IndieGala
- Type: s.r.l.
- Industry: Video games, Digital distribution
- Founded: 2011; 15 years ago
- Headquarters: Rome, Italy
- Number of employees: 20+ (April 2019)
- Website: indiegala.com

= IndieGala =

IndieGala, s.r.l. is an Italian digital storefront for video games, which grew out of its original offering of Indie Gala Bundles, a collections of games sold at a price determined by the purchaser and with a portion of the price going towards charity and the rest split between the game developers. IndieGala continues to offer these limited-time bundles, but have expanded to include a greater and more persistent storefront.

== History ==
Initial bundles were typically collections of independently developed games featuring multi-platform support (including Microsoft Windows, macOS, and Linux platforms), mainly on the Steam platform. Subsequently, the bundles became more frequent and expanded to include games from established developers, AAA publishers, games for Android-based devices, games without digital rights management (DRM), graphic design assets. IndieGala's bundles were some of the first to feature digital copies of music and comic books. Bundles are presently offered on a more regular basis, with a persistent storefront for individual game sales.

The IndieGala Bundle offerings support a number of charities, including Save The Children, Child's Play, AbleGamers Foundation, Italian Red Cross charities, most notably supporting the efforts in the Emilia Romagna region of Italy that was affected by a series of earthquakes.
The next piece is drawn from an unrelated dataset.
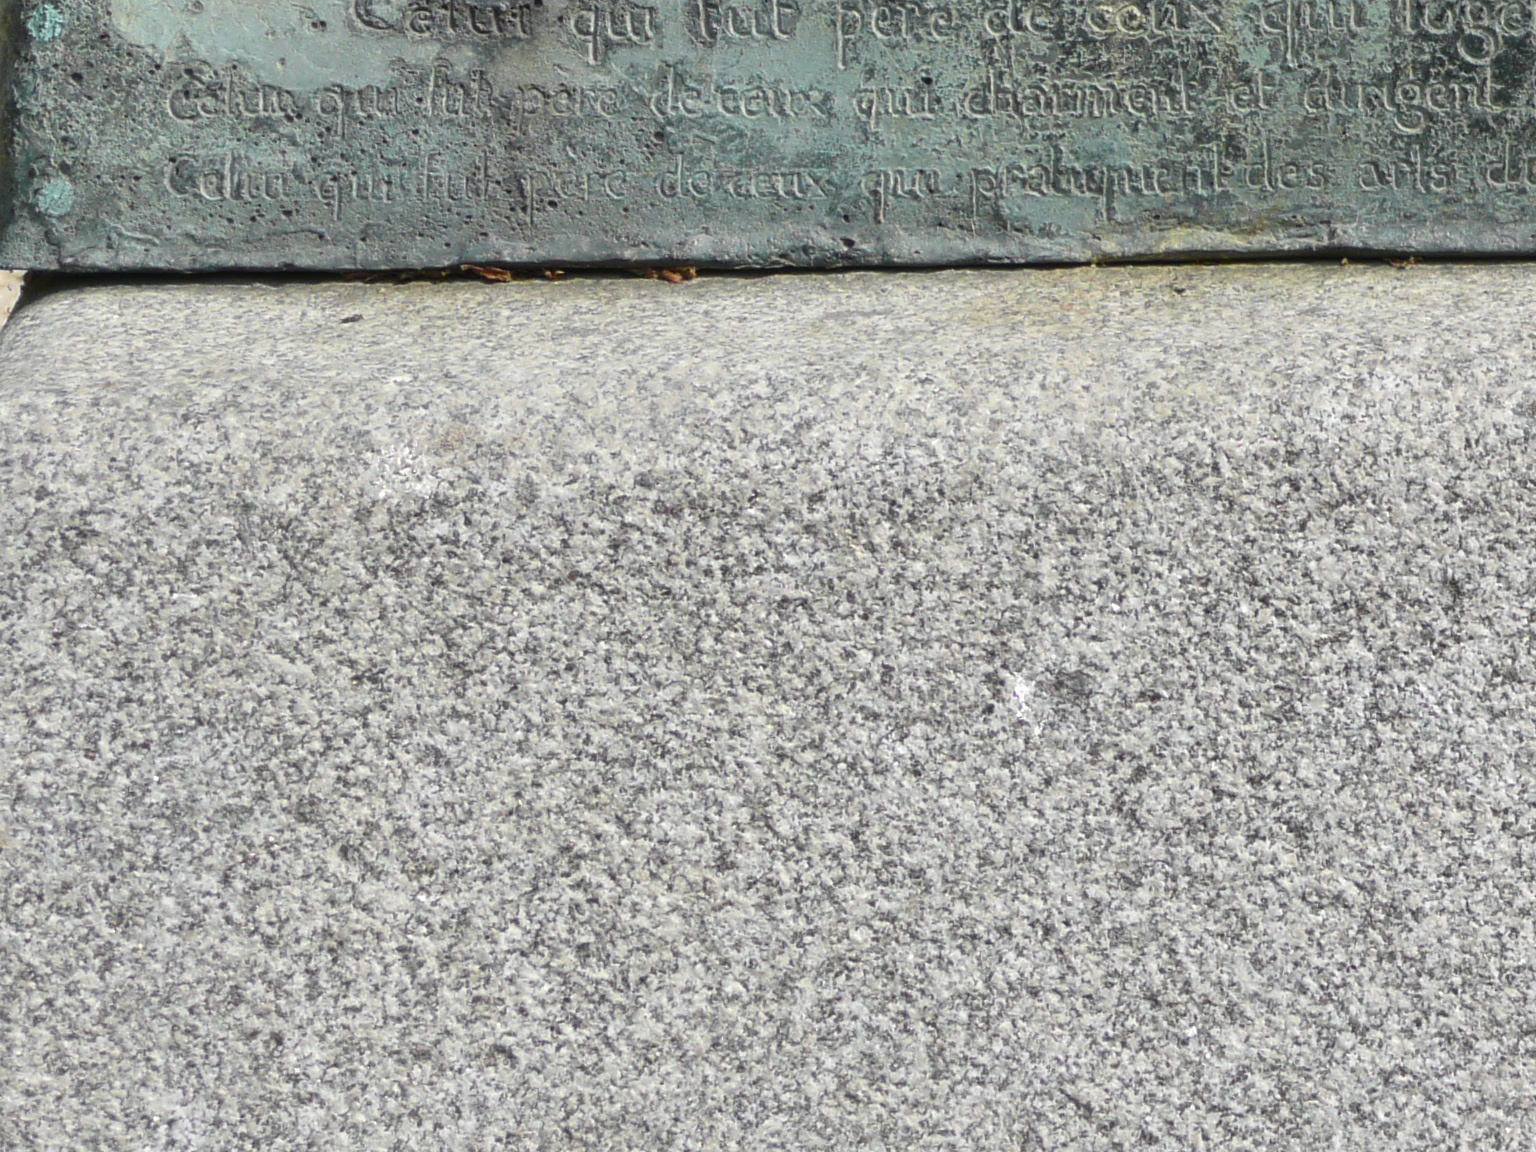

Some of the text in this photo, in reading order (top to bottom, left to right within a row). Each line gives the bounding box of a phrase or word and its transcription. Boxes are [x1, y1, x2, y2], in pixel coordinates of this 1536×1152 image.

The success of the Humble Bundle approach is what inspired IndieGala and a number of similar efforts to offer "pay what you want" bundles, including Indie Royale and Fanatical (formerly Bundle Stars).

The IndieGala operation has since grown to include a dedicated storefront, a Steam-like client similar to GOG's Galaxy or Desura's client, a publishing and development arm, as well as a fund to support indie games and indie developers.

As a corporation, IndieGala is headquartered in Rome, Italy, with about 25 employees. Its co-founder and CEO is Riccardo Rosapepe.

IndieGala's online debut and their first bundle named "The Indie Gala" was released on December 5, 2011, and sold over 20,000 copies.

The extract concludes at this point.